Voor het gemak zou ze kiezen voor water.
Hoe dan ook nam ik vrij.
Ze verwachtte mijn onwil echter niet en keek intriest. Net op het moment
dat Marcel fris en fruitig binnenstapte. Hij zag haar direct en keek meelijdend.
‘Ze is echt niet zielig hoor.’
‘Hoezo, moet je naar haar kijken.
Ze kijkt zo bedroefd!’
‘Je gelooft het nog ook.’ Onbegrijpend
kijkt mijn man me aan. Ik vertel verder: ‘Ik heb net gezegd dat ik geen zin heb
om haar ontbijt te maken en dat ze het zelf moet regelen...’
‘…en dat vind ik niet lief,
want het is altijd zo lekker,’ klinkt Celine sip.
‘En gemakzuchtig!’, vul ik trefzeker
aan.
‘Ik zou de kindertelefoon
bellen’, zegt meneer quasi serieus. Ik wist dat hij achter me zou staan.
‘Ja, ik denk dat ik dat maar
doe. Maar eerst mijn ontbijt maken.’
Vorige week werd ik door Benjamin aan dit voorval herinnerd. Voor de
derde keer moest ik hem vragen zijn bed af te halen. Wat is dat toch dat ik het
allemaal oeverloos moet herhalen, vooral bij het mannelijke geslacht?
Vervolgens wachtte ik boven op
het beddengoed en riep nog eens waar alles bleef.

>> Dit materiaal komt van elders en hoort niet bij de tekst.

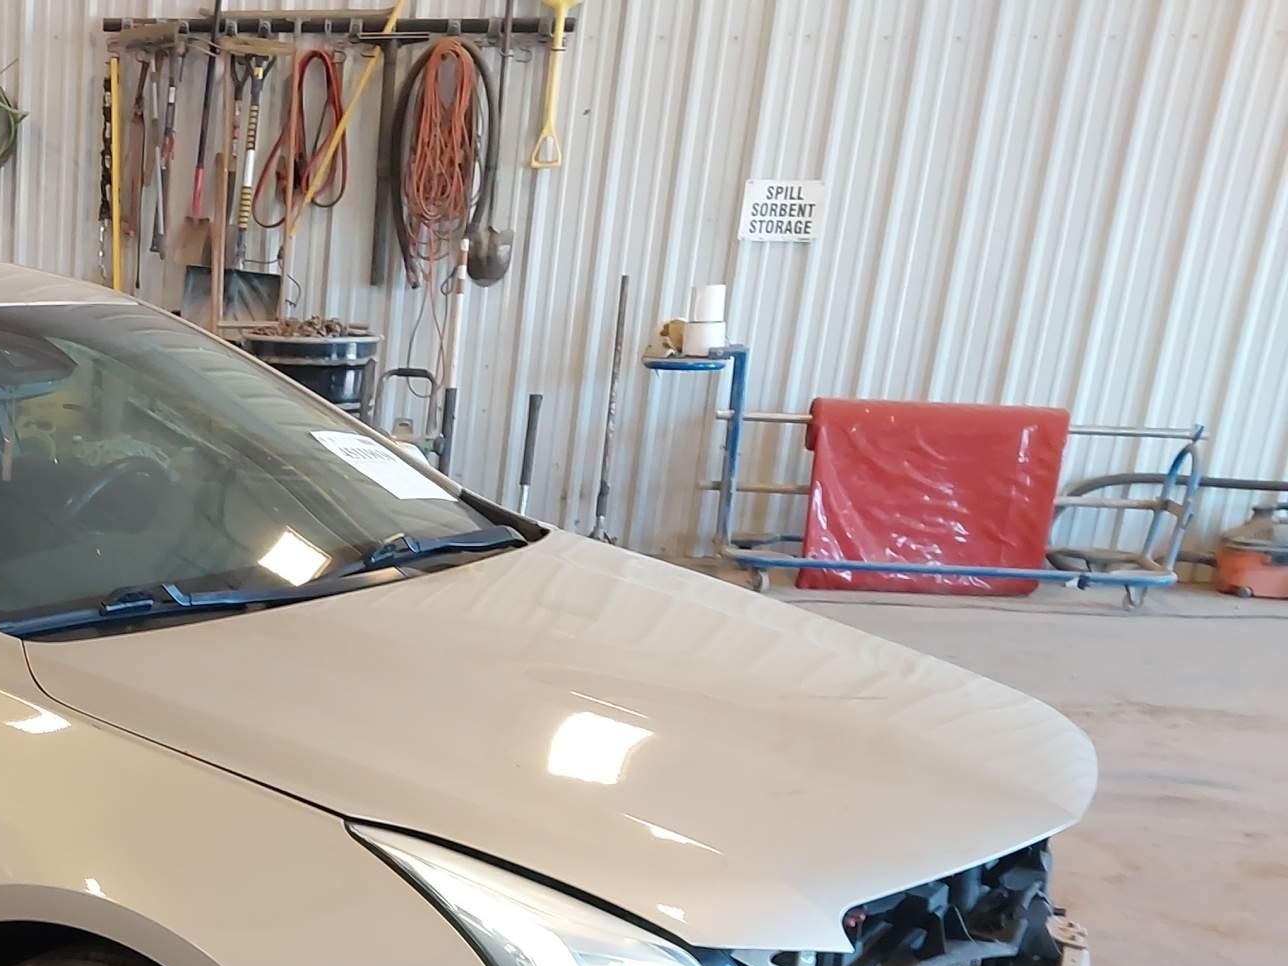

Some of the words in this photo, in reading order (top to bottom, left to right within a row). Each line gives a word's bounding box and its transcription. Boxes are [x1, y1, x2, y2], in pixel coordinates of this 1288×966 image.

[765, 185, 805, 201] SPILL
[751, 202, 817, 218] SORBENT
[748, 219, 813, 235] STORAGE

Ja hoor, daar kwam hij aan met alle
beddengoed. Een grote prop bedwaar vulde zijn handen. Zag ik daar nou zijn
kussen tussen zitten? En het dekbedhoes is wel erg dik.
‘Wat moet dit voorstellen?’, vroeg
ik hem en hield het dekbed met hoes eromheen omhoog. ‘De hoes moet er af.’
‘Ik kan dat niet!’
‘Je kan me wat! Haal het dekbed
er uit!’ Ik werd nu echt bijna boos.
Zuchtend en mopperend ging het
jochie aan de gang.
‘Het is niet eerlijk, dit is kinderarbeid.’
‘Zal ik je het nummer van de
kindertelefoon geven?’ Ik wist dat Marcels opmerking aan Celine me ooit van pas
zou komen.
‘Ja, doe maar.’ Volgens mij
hoorde ik wat bedenkelijkheid in zijn antwoord. Onderwijl had hij wel het
dekbed uit de hoes en hield die omhoog. Ik juichte.
‘Je kan het!’
Benjamin smeet ‘m
in mijn richting en was voor ik er erg in had weer gevlucht. Hij ging
natuurlijk weer verder met het bouwen aan zijn LEGO gun. Ik had hem ook wel erg
gestoord natuurlijk.
Voor ik goed en wel de boel in de wasmachine had zitten, kwam hij echter
weer naar boven stormen. Ik schrok ervan.
‘Als ik dan toch de
kindertelefoon ga bellen moet ik wel een goede reden hebben, vind je niet? Wil
je me hiermee slaan.’
‘Met die zweep?’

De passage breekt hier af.